Au-delà donc de sa fonction de marché de gros, Rungis incarne une expertise dans la valorisation de la gastronomie française, ainsi que dans les domaines de l’économie, de la logistique et de la construction. Stéphane Layani, PDG de la Semmaris, l’opérateur de Rungis, s’est fixé pour mission de partager ce modèle unique avec le monde. « Le Marché de Rungis est un véritable trésor national », affirme-t-il. Depuis son arrivée à la tête du plus grand marché au monde en 2012, Stéphane Layani poursuit un objectif de développement constant, guidé par une philosophie claire : « Il faut s’adapter à la demande des consommateurs, les écouter, analyser leurs demandes ». Cette approche centrée sur le consommateur a déjà conduit à des innovations significatives au sein du marché, comme la rénovation du « Carreau des producteurs » en réponse à la demande de produits locaux, ou encore l’inauguration d’un pavillon entièrement dédié au bio au début de l’année 2016.
Conscient que l’investissement est le moteur essentiel de la croissance, Mr Layani et la Semmaris ont lancé un plan d’investissement décennal de 1 milliard d’euros qui s’étendra jusqu’en 2025. Ce plan ambitieux prévoit le développement et la modernisation du marché, avec la création d’un nouveau pavillon dédié au porc et l’amélioration de la logistique et du stockage, notamment par le développement d’une marketplace virtuelle.
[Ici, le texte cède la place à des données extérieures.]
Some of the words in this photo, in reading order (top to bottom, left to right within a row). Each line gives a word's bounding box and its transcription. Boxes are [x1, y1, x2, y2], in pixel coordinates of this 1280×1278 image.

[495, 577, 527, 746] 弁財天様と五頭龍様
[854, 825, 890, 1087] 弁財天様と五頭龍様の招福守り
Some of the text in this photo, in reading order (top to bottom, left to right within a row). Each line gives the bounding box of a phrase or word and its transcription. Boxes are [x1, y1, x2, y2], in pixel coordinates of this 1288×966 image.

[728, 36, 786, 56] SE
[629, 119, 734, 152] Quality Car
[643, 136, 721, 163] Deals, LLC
Le marché de Rungis accélère sa transition écologique avec un vaste programme de modernisation
La décarbonation va bon train à Rungis… En plus d’initier une politique de réduction des déchets et de réutilisation optimale des denrées alimentaires, contribuant ainsi à augmenter les dons aux banques alimentaires, Rungis prend des mesures concrètes pour produire une partie de son électricité. L’installation de 110 000 m² de panneaux solaires sur les parkings et les toits des pavillons marque une étape significative vers l’autoproduction énergétique.
Dans une perspective d’innovation constante, 250 bornes de recharge électrique verront bientôt le jour sur le site, en partenariat avec TotalEnergies. Parallèlement, une expérimentation de technologie de pile à combustible, en collaboration avec Renault, est menée pour fournir en énergie les systèmes de réfrigération des camions, utilisant l’hydrogène comme source d’alimentation.
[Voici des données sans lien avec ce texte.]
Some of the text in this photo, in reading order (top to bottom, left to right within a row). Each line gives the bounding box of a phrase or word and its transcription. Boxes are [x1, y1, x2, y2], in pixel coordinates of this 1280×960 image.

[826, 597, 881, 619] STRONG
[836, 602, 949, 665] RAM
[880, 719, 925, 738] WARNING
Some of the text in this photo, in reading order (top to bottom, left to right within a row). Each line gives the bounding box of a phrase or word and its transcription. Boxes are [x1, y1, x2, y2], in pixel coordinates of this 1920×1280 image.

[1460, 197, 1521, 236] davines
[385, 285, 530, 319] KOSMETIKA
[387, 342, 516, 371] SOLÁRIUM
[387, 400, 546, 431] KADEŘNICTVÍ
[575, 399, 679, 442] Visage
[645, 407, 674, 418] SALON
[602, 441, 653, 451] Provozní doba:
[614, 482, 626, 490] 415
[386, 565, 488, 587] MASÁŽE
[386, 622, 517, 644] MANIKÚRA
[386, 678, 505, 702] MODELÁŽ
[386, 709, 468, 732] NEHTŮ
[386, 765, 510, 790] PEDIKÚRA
Sous la direction de Stéphane Layani, le marché explore également des solutions pour augmenter le transport ferroviaire au détriment du transport routier, avec la possibilité d’ajouter une nouvelle gare de combiné. Le projet s’inscrit dans la continuité de la réhabilitation de la ligne de primeurs Perpignan-Paris, et envisage l’ouverture de nouvelles lignes Avignon-Paris et une connexion avec le port de Boulogne-sur-Mer. « Les Halles historiques étaient reliées par la voie ferrée, qui empruntait le boulevard Saint-Michel », rappelle Stéphane Layani à ce propos.
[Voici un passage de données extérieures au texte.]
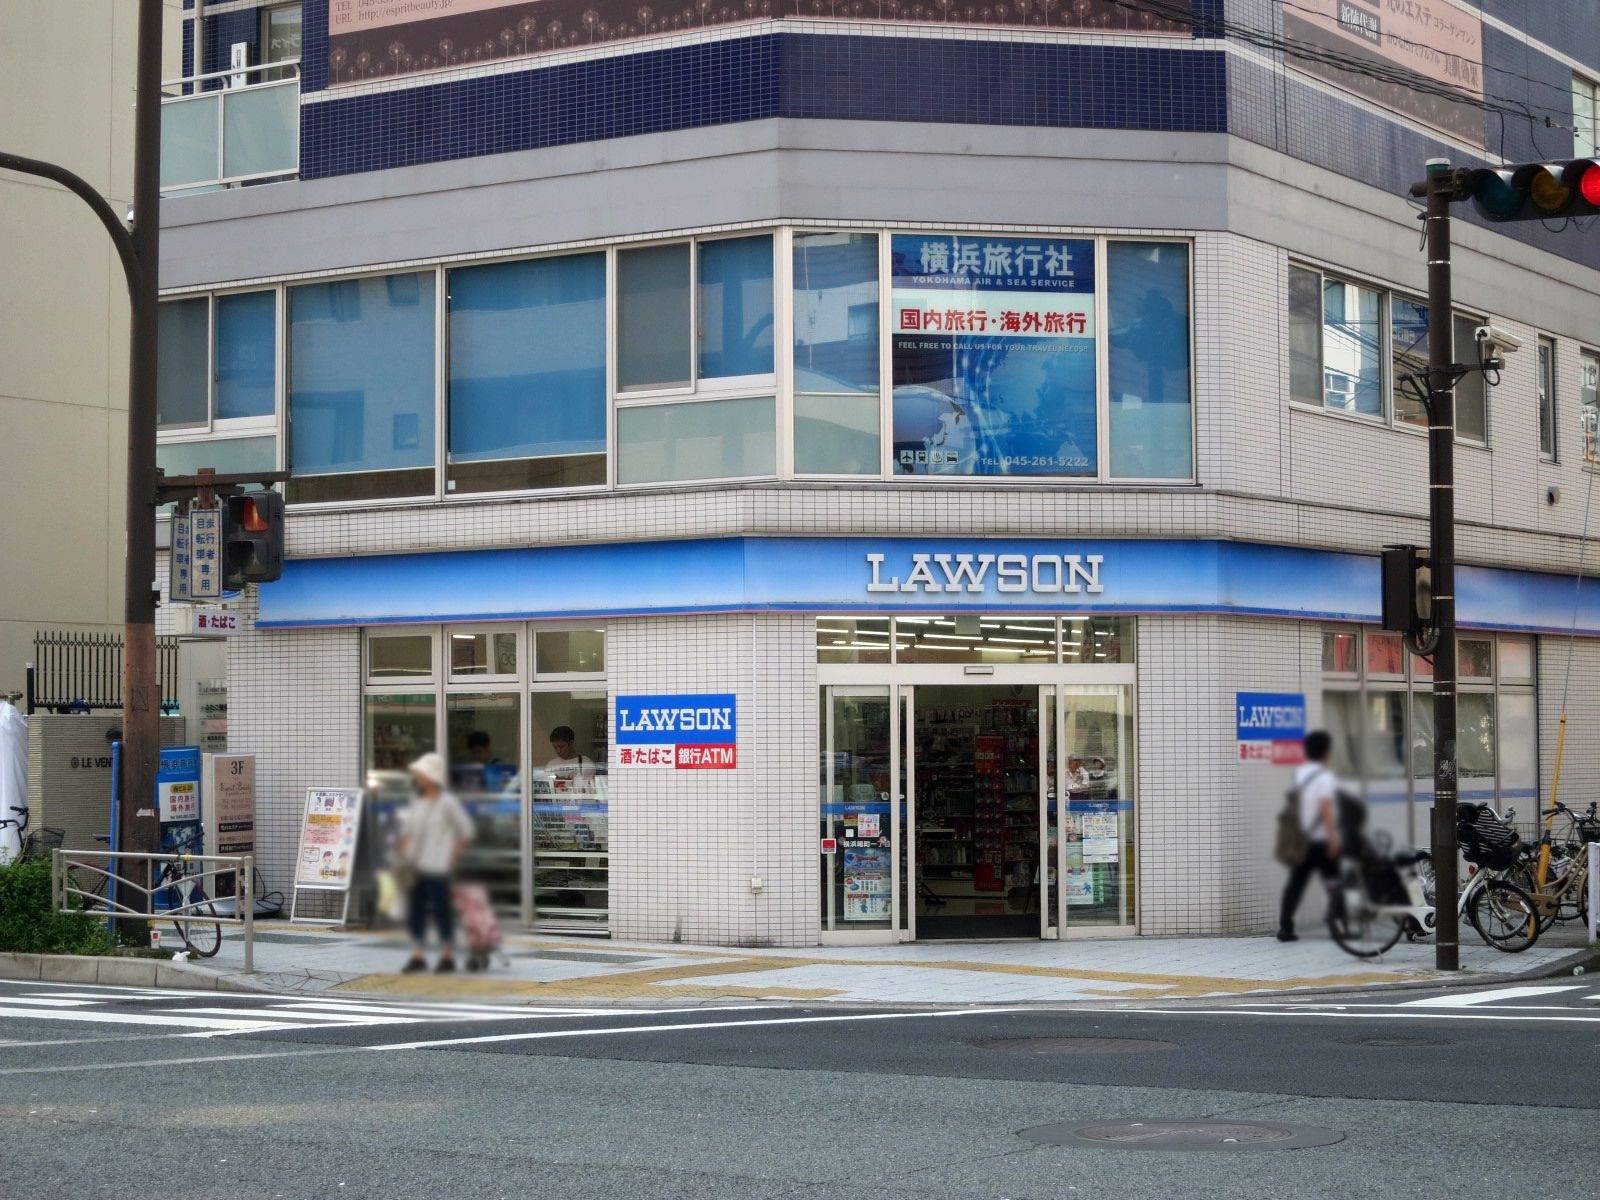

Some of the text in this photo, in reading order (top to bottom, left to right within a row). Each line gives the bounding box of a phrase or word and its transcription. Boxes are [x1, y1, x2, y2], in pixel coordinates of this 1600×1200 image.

[335, 1, 352, 12] TEL
[335, 15, 353, 25] URL
[920, 241, 1075, 277] 横浜旅行社
[912, 276, 971, 285] YOKOHAMA
[975, 278, 992, 286] AIR
[1030, 279, 1075, 288] SERVICE
[898, 341, 918, 349] FEEL
[919, 342, 939, 350] FREE
[940, 342, 952, 350] TO
[974, 343, 985, 351] US
[987, 343, 1003, 351] FOR
[1004, 343, 1026, 351] YOUR
[1027, 344, 1057, 353] TRAVEL
[1005, 456, 1090, 467] 045-261-5222
[867, 553, 1104, 593] LAWSON
[620, 708, 732, 731] LAWSON
[82, 757, 92, 768] LE
[678, 748, 733, 765] 銀行ATM
[231, 761, 244, 775] 3F
Face à l’obligation de mise en conformité avec le décret tertiaire, les investissements nécessaires pour les pavillons du site sont estimés à 100 millions d’euros. En parallèle, le marché se prépare à une augmentation de l’activité jusqu’à la fin de l’année, avec des commerçants qui réalisent en décembre l’équivalent de deux mois de ventes en un. Les 13 000 employés du MIN s’apprêtent à accueillir entre 25 000 et 30 000 clients quotidiens, un chiffre qui pourrait presque doubler pour atteindre près de 50 000 visiteurs.